Sign up for a Google Alert
To sign up for an Google alert, follow these simple steps:
- Go to Google.com/alerts
- You will see a simple form that includes a few fields: (the email address field is a text box when you visit that site while logged out of Google - otherwise, you'll see a dropdown menu that lets you pick any email address you've registered with Google).
Note: if you select "Feed" from the dropdown (vs. an email address), Google will add these updates to your Google Reader account, as an RSS feed, updated behind the scenes (what is RSS?). - Under the "Search terms" field, type the words for which you would like to be notified. If you want to receive news alerts for the term "John Doe", use double-quotes: this informs Google that you are interested only in news alerts for the exact expression "John Doe", not for pages that contain each word, but not in this order:
And you can explicitly exclude terms with a minus sign: if you are interested in articles that mention John Doe, but not "Susan", you would type ["john doe" -susan] (this is not case-sensitive). - Under "Type", pick your preference: "Everything", "News", "Blogs", "Videos", or "Discussions". In many cases, choosing "News" will be the best choice, which spares you from third-party bloggers re-hashing main content from news outlets. (Which may be interesting, but gives you plenty of duplicate news alerts in your email digest.)
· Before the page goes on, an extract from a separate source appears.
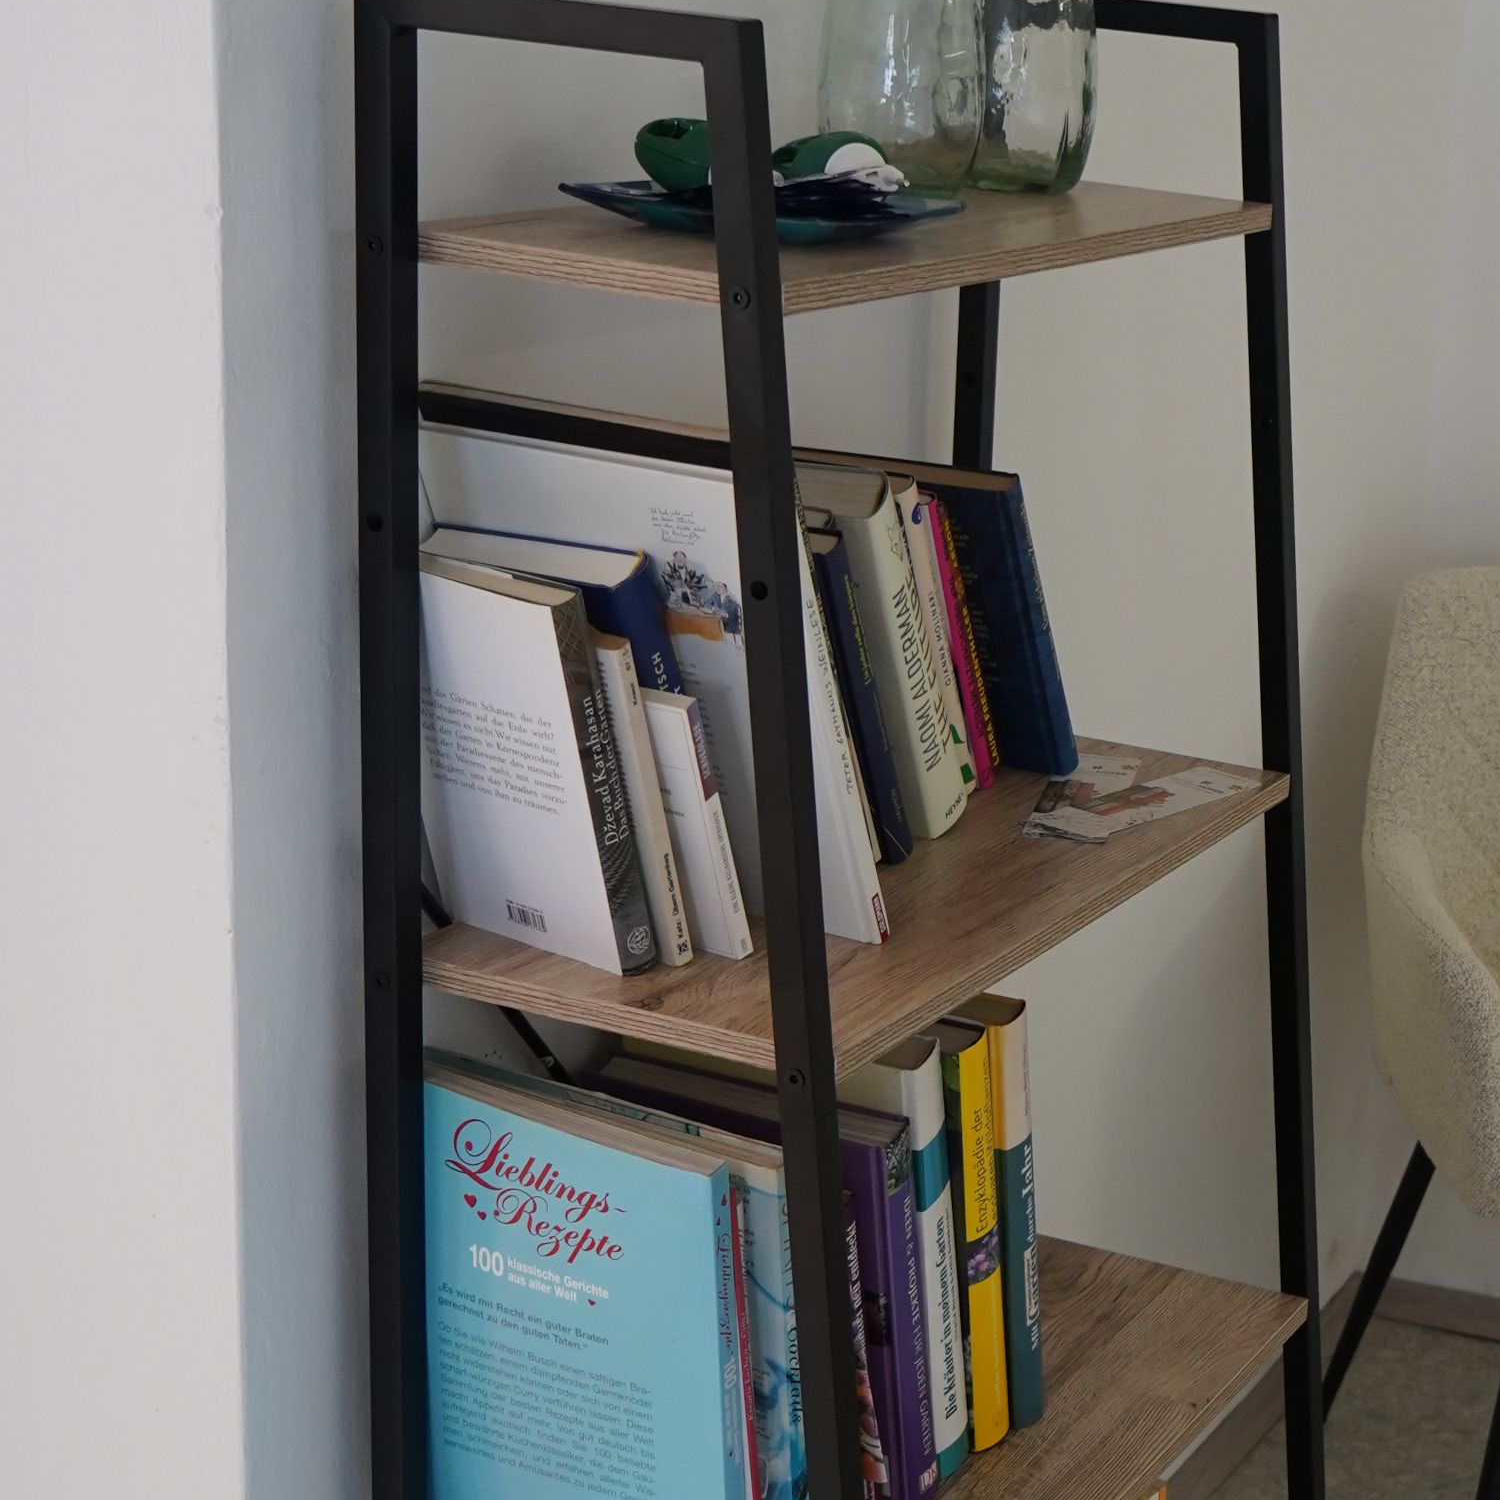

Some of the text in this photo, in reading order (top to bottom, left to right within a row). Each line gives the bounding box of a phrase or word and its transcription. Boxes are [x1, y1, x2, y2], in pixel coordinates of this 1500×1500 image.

- The "How often" dropdown menu lets you choose between "as-it-happens" (near real time updates), "once a day" (useful to avoid inbox clutter), and "once a week" (which may not be feasible if you need truly regular email updates on a topic or situation).
- Under "Email length", you can specify how many link results you will receive in your email: currently, the choices are either "up to 20 results" or "up to 50 results". In most cases, we found that up-to-20 is plenty; besides, many non-mainstream topics (in daily email batches) will not even generate 20 links.
- Finally, under "Your email", Google collects the email address at which you will receive your news alerts; either type an email address or pick one from the drop down (see tip below to type an email of your choice).
Tip: Google automatically gives you a dropdown of the email address is has for you; but if you want to sign up for a Google alert using a different email address, you can: just sign out of Google, and the "Your email" will then be a free form text field.
Google will send you a confirmation email: click on the confirmation link, and your Google alert is now active! You should receive your first new update within at most a few days.
Cancel a email update Google alert
Once you no longer want to receive email updates for news through Google alerts, you can very easily "unsubscribe" from the news alert by canceling it:
- Open an email containing that news alert
- Scroll to the bottom
- Click on the "Remove this alert" link:
And this is it: you will no longer receive this email Google alert in your inbox.